Lord's Resistance Army Terrorizes Northern Uganda
KAMPALA - The Lord's Resistance Army (LRA) has terrorized northern Uganda since 1988 in its attempt to bring down the government of President Yoweri Museveni and put in its place a regime based on the Biblical Ten Commandments.
The LRA, the oldest and best known of the Ugandan rebel groups, is active along the frontier with Sudan and carries out most of its attacks in the northeast of the East African country.
The war, marked by the mutilation of civilians and the abduction of thousands of children into the LRA's ranks, has caused tens of thousands of deaths and driven some 1.2 million people from their homes.
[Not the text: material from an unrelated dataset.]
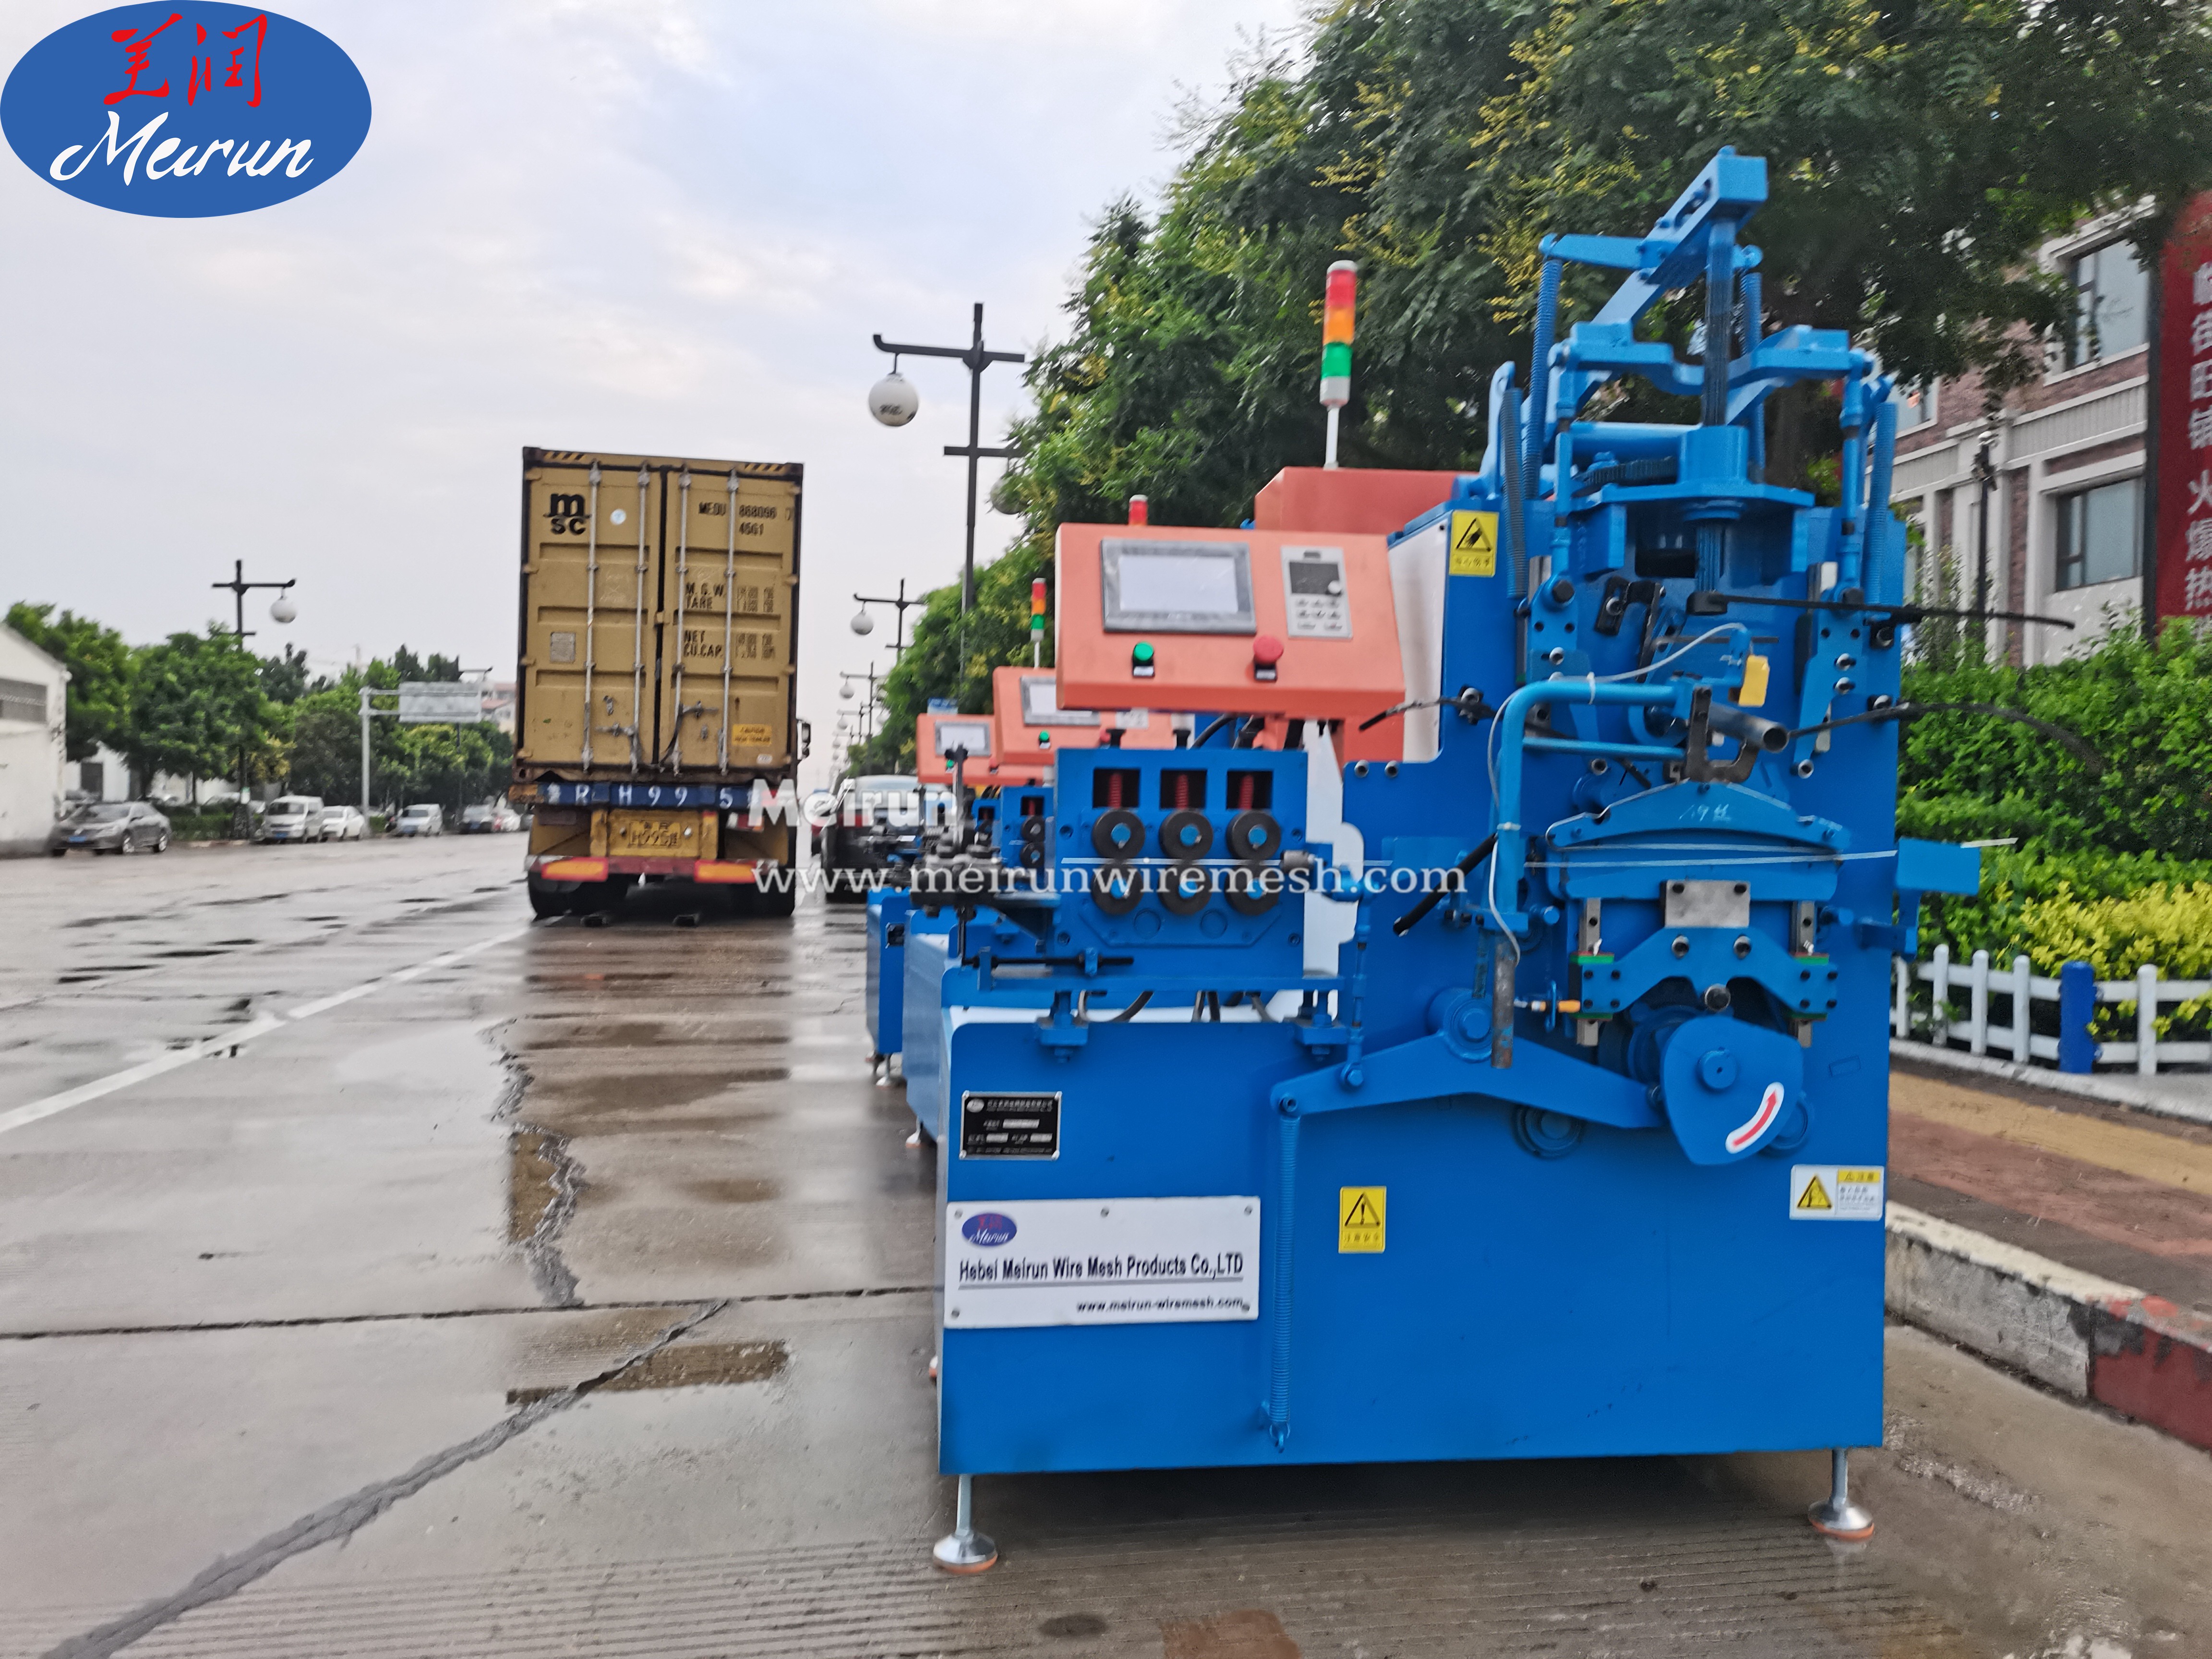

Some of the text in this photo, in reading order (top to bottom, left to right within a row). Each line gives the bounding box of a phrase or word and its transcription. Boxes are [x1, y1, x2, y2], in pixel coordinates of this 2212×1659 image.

[686, 596, 713, 609] TARE
[684, 630, 705, 643] NET
[959, 1251, 1243, 1282] Hebei Meirun Wire Mesh Products Co.,LTD
After a couple of years of relative calm, the conflict has flared up again since 2002.
The fighting broke out shortly after Museveni rose to power in 1986, when the voodoo priestess Alice Lakwena took up arms to topple the new regime.
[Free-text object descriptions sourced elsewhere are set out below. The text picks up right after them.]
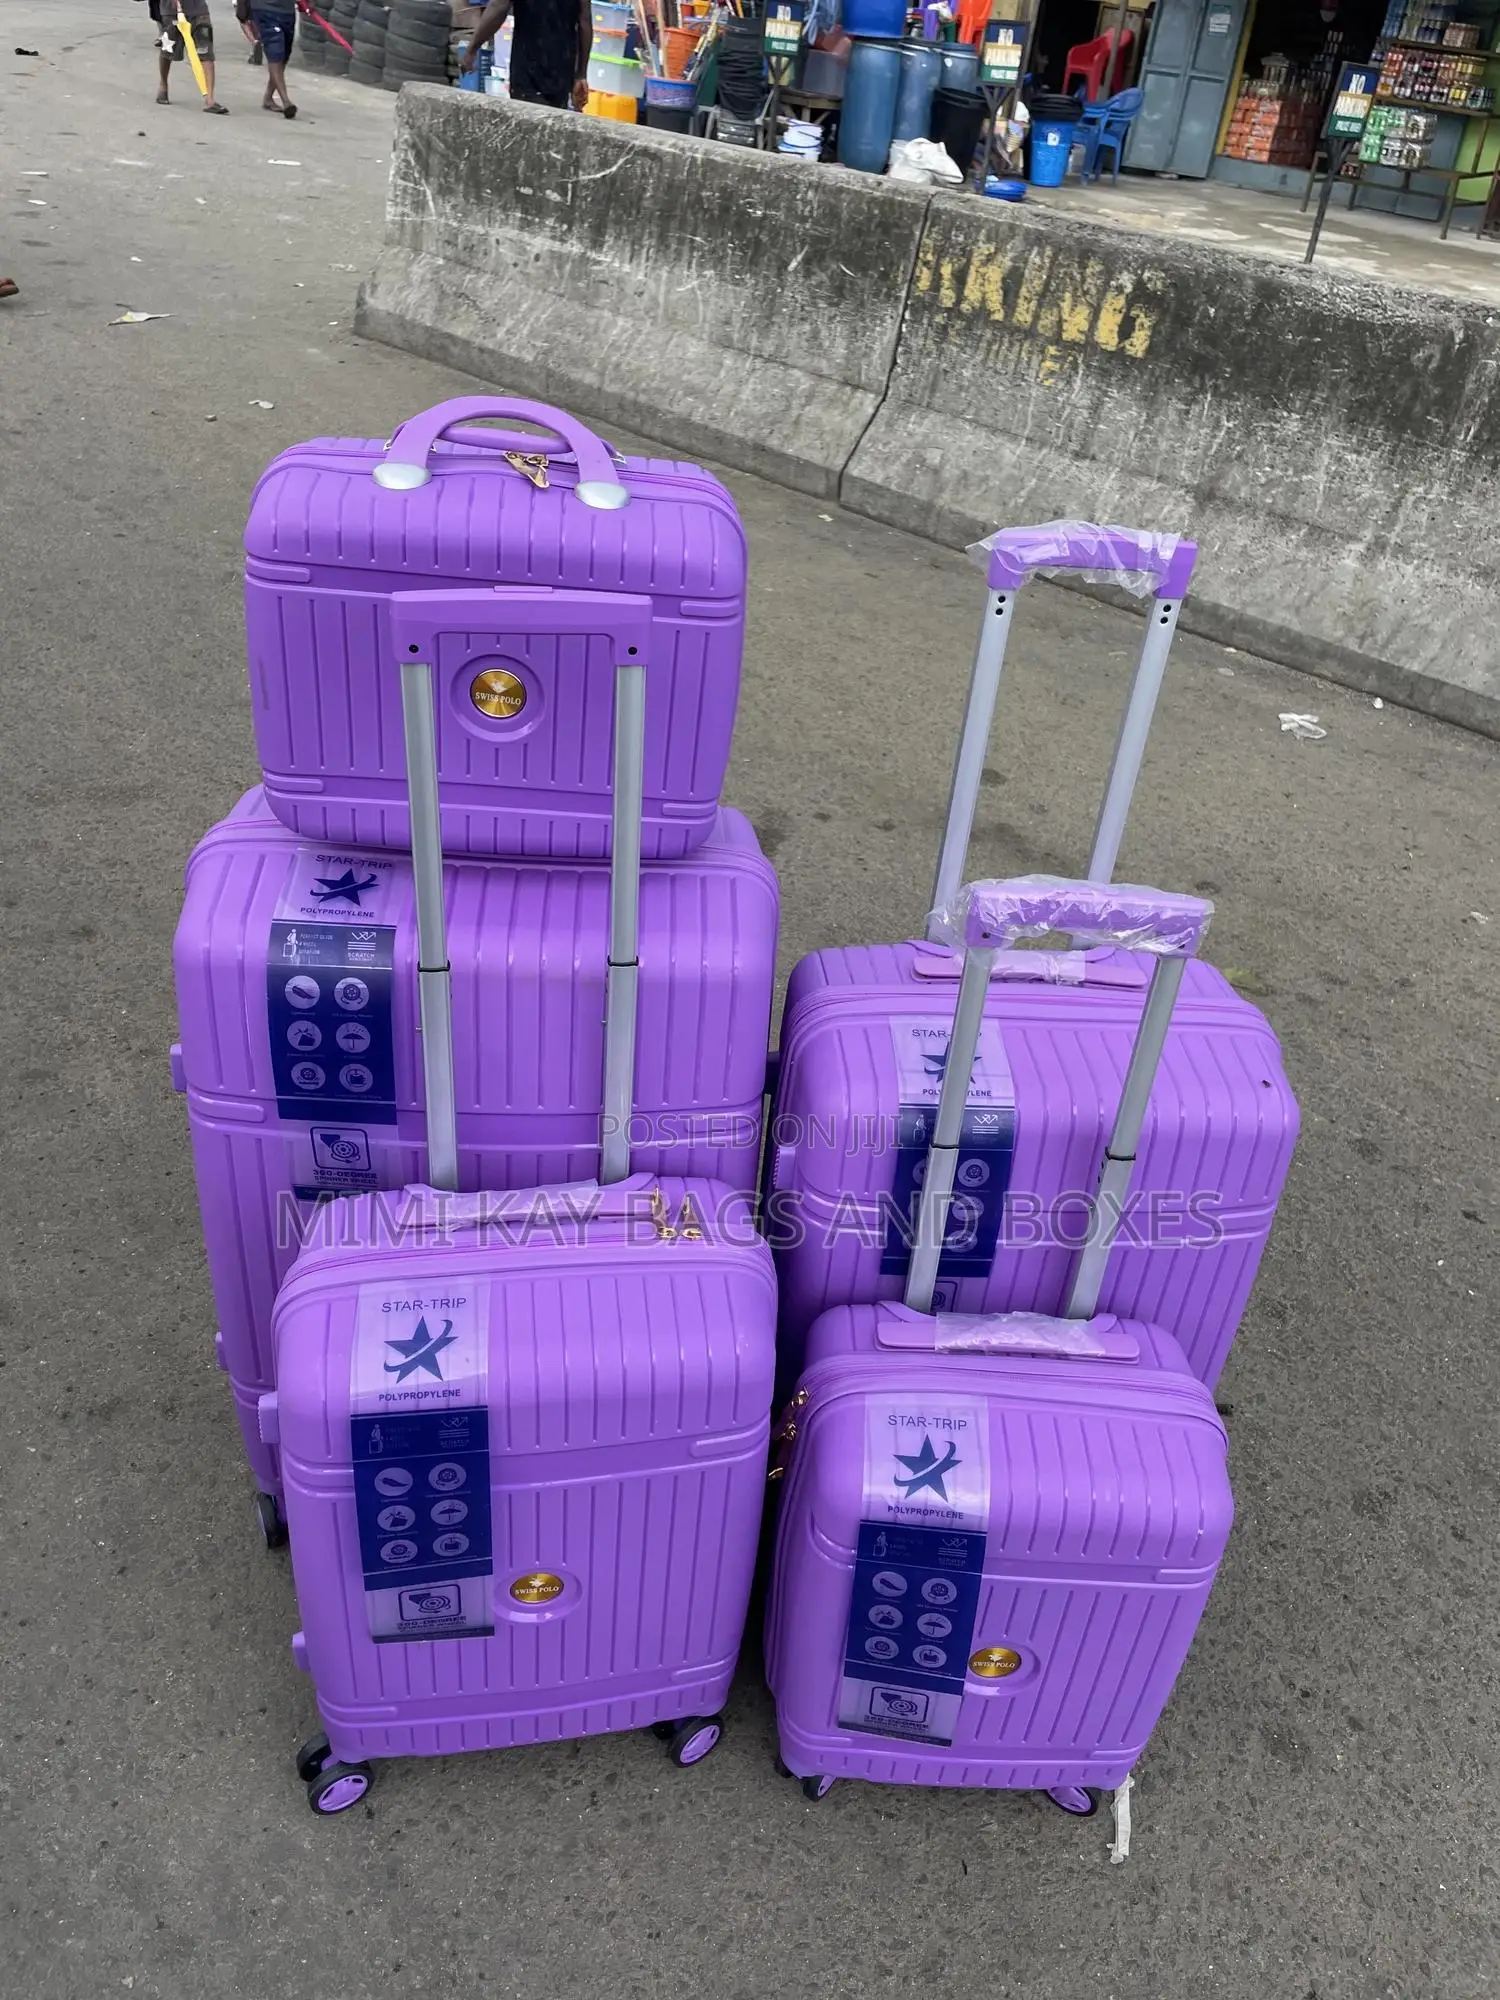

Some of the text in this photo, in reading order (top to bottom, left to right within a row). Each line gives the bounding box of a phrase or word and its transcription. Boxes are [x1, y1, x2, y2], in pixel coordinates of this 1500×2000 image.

[475, 692, 522, 705] SWISS POLO
[315, 854, 393, 870] STAR-TRIP
[300, 907, 375, 918] POLYPROPYLENE
[381, 1297, 467, 1313] STAR-TRIP
[379, 1389, 461, 1402] POLYPROPYLENE
[887, 1414, 967, 1431] STAR-TRIP
[887, 1505, 964, 1520] POLYPROPYLENE
At the head of her Holy Spirit Movement, which mixed Christian and animist beliefs, she threatened the regime until the defeat of her followers by the army at the end of 1987.
Kakwena was succeeded in 1988 by an acolyte and relative, Joseph Kony, who headed first the United Christian Democrat Army of Uganda and then the Lord's Resistance Army, composed of remnants of the Holy Spirit Movement.
The army's principal means of recruitment is the abduction of village children. The adolescent males are forced to fight, while the girls are forced to become sex slaves for the army commanders. . . .
In nearly 16 years of fighting, more than 20,000 children have been used as soldiers.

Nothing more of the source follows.